In 1977, Elvis Costello was fucking with us.

By “Elvis Costello,” of course, I only partially mean Elvis Costello. What I really mean is a weird and ramshackle machine, the conglomerate formed by the singer/songwriter Declan MacManus and his manager Dave Robinson and the head of Stiff Records Jake Riviera. They had come up with this name, and then they’d come up with this character, and they were determinedly shoving him down record-buyers’ throats. In part, paradoxically enough, they were doing it by not shoving: “Costello” refused almost all interviews, which created a mystique, and the apparatus around him took a sort of belligerent attitude toward journalists, which might have been at odds with MacManus’s true personality – he doesn’t seem to have been, by any stretch, the complete asshole he was playing onstage – but which probably accorded with his feelings about a press that hadn’t given him the time of day while he was playing out under his own name in Flip City or trying to get noticed as a folk singer called D. P. Costello.
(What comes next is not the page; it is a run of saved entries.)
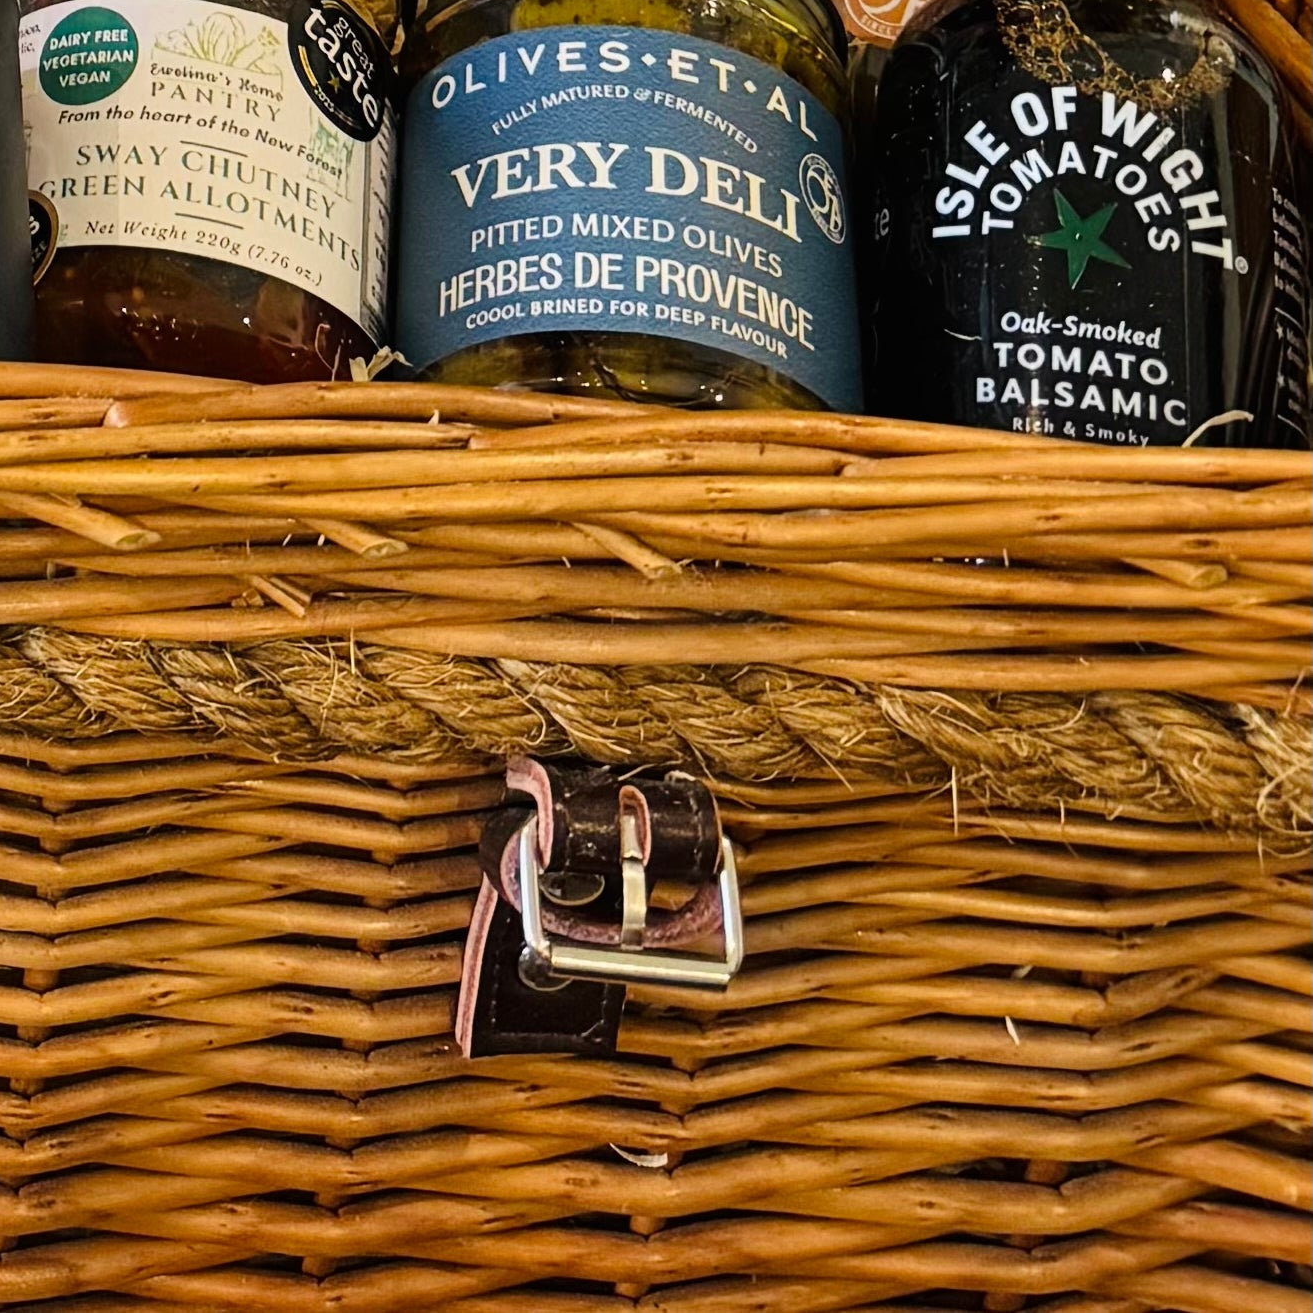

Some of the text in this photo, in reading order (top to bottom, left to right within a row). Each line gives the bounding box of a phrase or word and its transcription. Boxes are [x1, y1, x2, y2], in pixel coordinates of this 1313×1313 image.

[58, 71, 111, 87] VEGAN
[76, 144, 337, 220] SWAY CHUTNEY
[450, 141, 803, 244] VERY DELI
[932, 86, 1235, 270] ISLE OF WIGHT
[981, 141, 1181, 253] TOMATOES
[39, 177, 361, 272] GREEN ALLOTMENTS
[471, 213, 783, 278] PITTED MIXED OLIVES
[438, 252, 815, 351] HERBES DE PROVENCE
[530, 299, 603, 317] BRINED
[609, 300, 649, 317] FOR
[655, 304, 705, 325] DEEP
[711, 316, 788, 359] FLAVOUR
[1001, 312, 1162, 349] Oak-Smoked
[994, 342, 1169, 386] TOMATO
[976, 377, 1188, 427] BALSAMIC
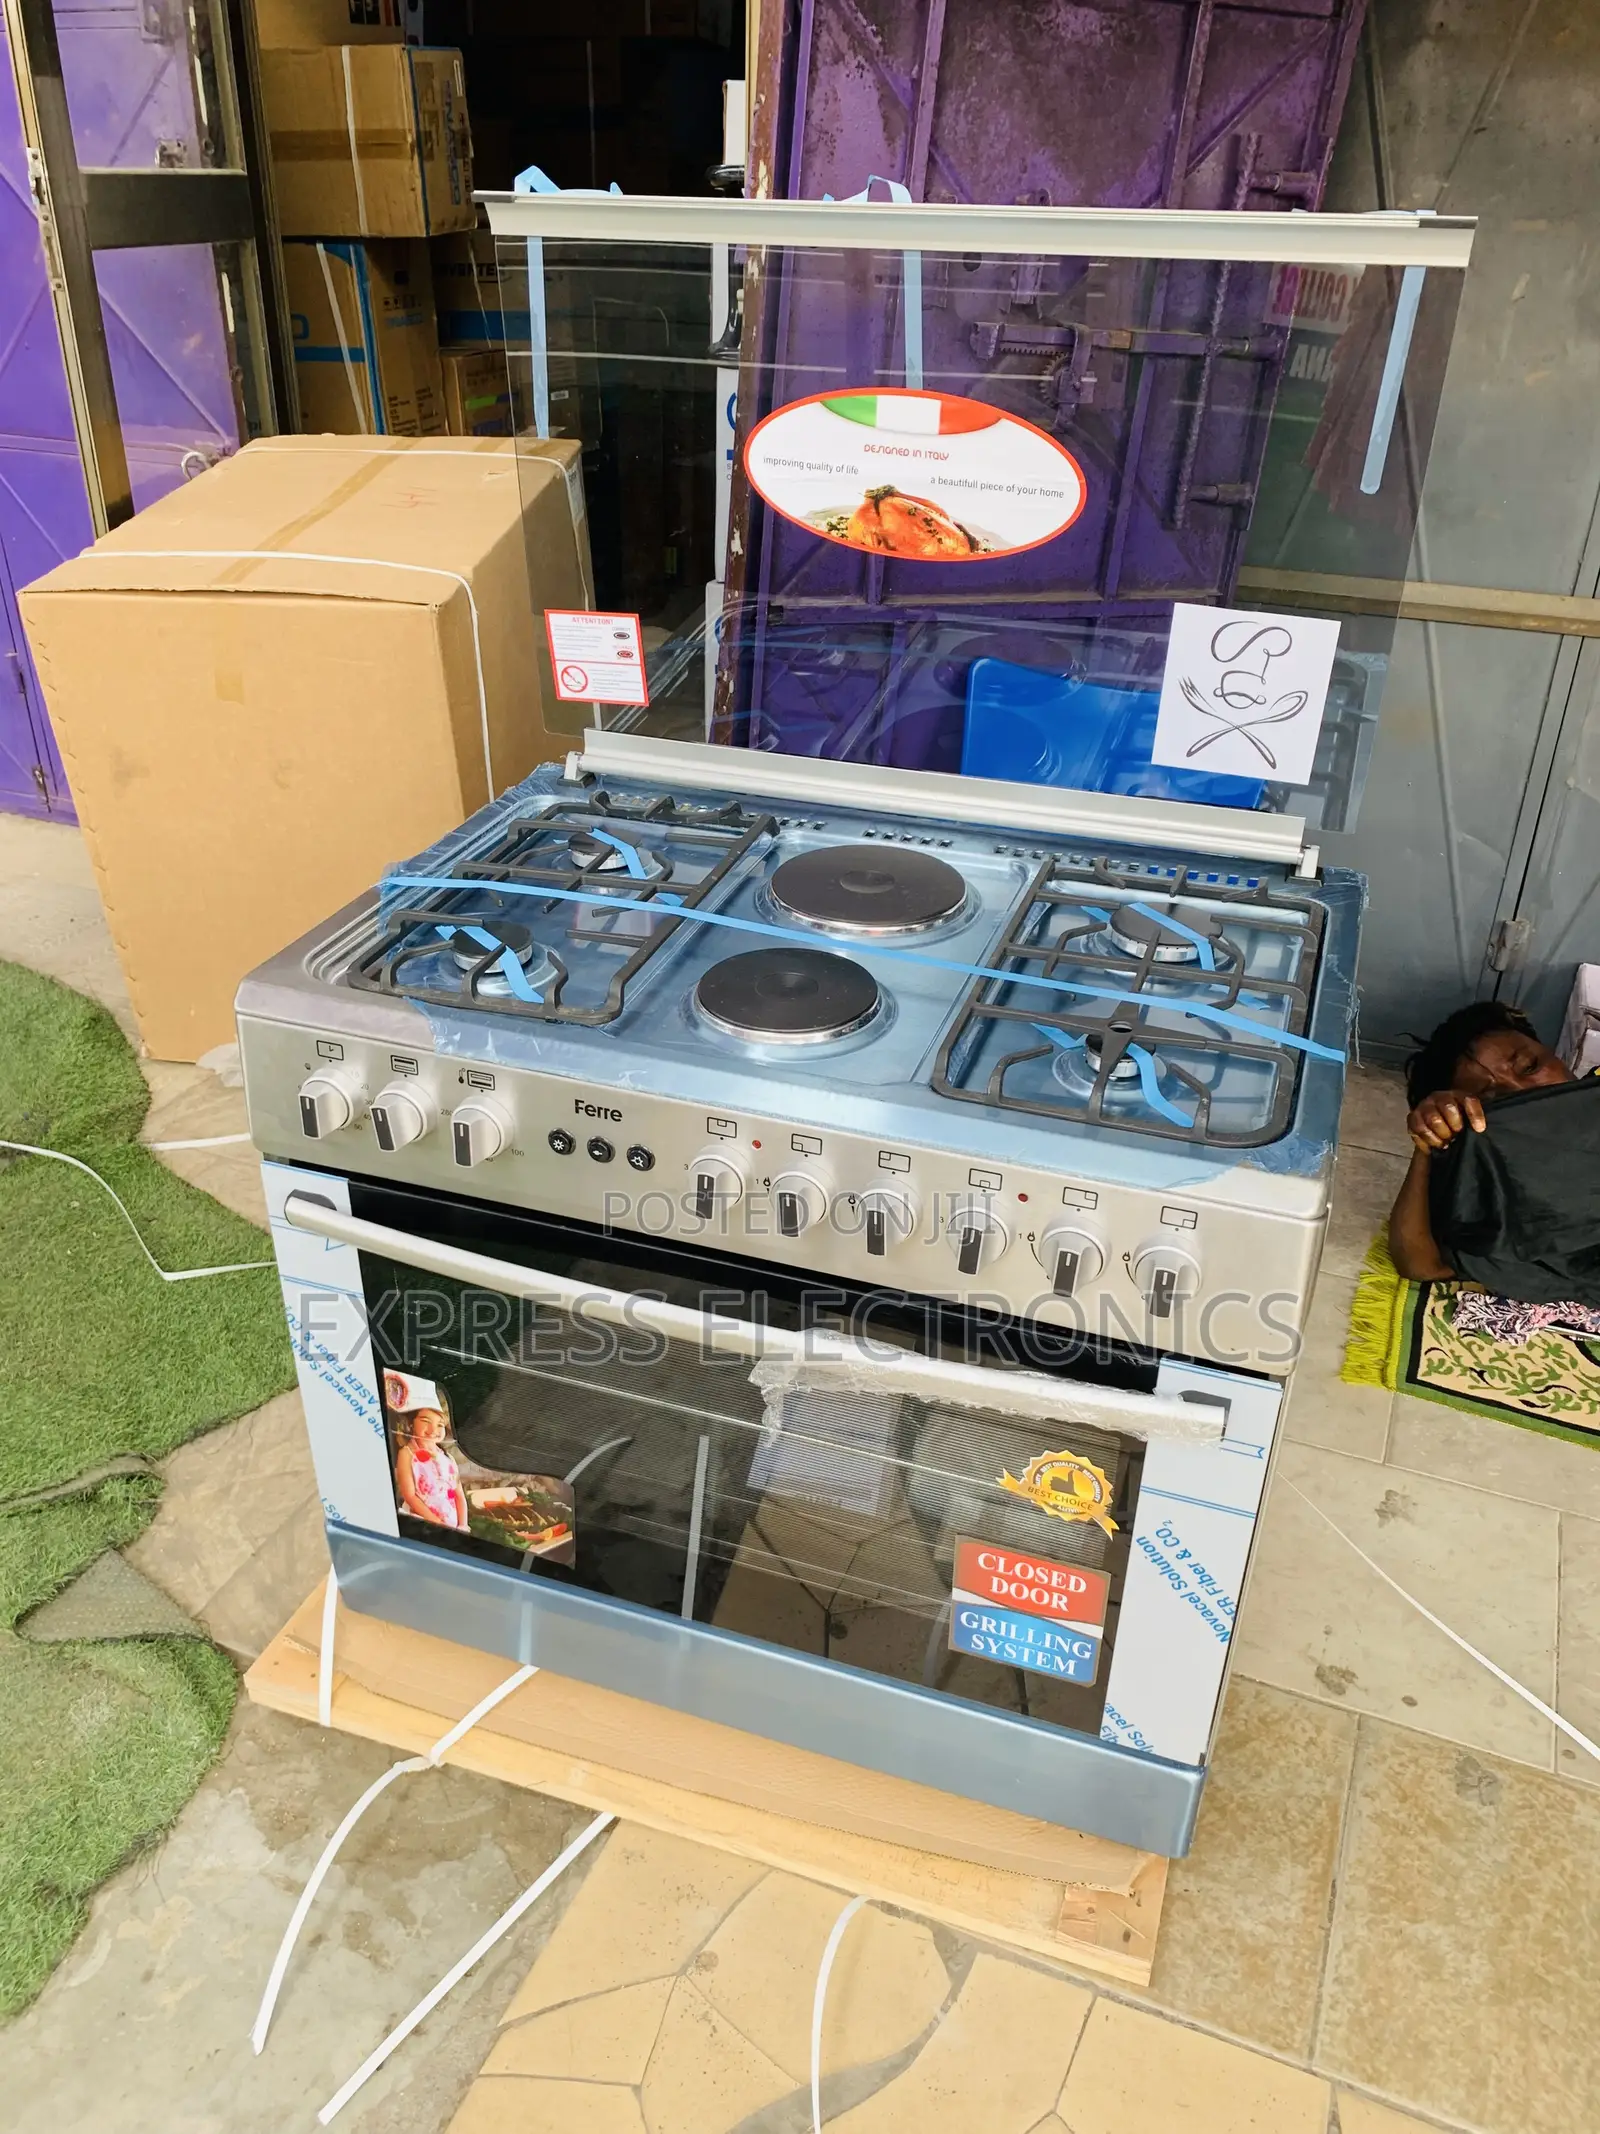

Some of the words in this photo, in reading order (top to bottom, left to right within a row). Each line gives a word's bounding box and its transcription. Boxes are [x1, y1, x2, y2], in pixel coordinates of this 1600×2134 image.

Oh, did you want to read about him? Were you a fan, who wanted to learn about the guy behind stellar singles like “Alison”? Were you curious to know more about this obviously intelligent and articulate new voice on the scene? Maybe you were intrigued by the poster included in the first pressing of My Aim Is True, which asked you to send Stiff the address of a friend, who would receive a free copy of the disc. Maybe you were thinking, therefore, that you were welcome to be a part of getting the word out on this guy, which meant you should know a thing or two about him. Maybe it had drawn you in that Stiff had specifically invited you to “become a potent factor in El’s future.” Well, said MacManus/Robinson/Riviera, fuck you.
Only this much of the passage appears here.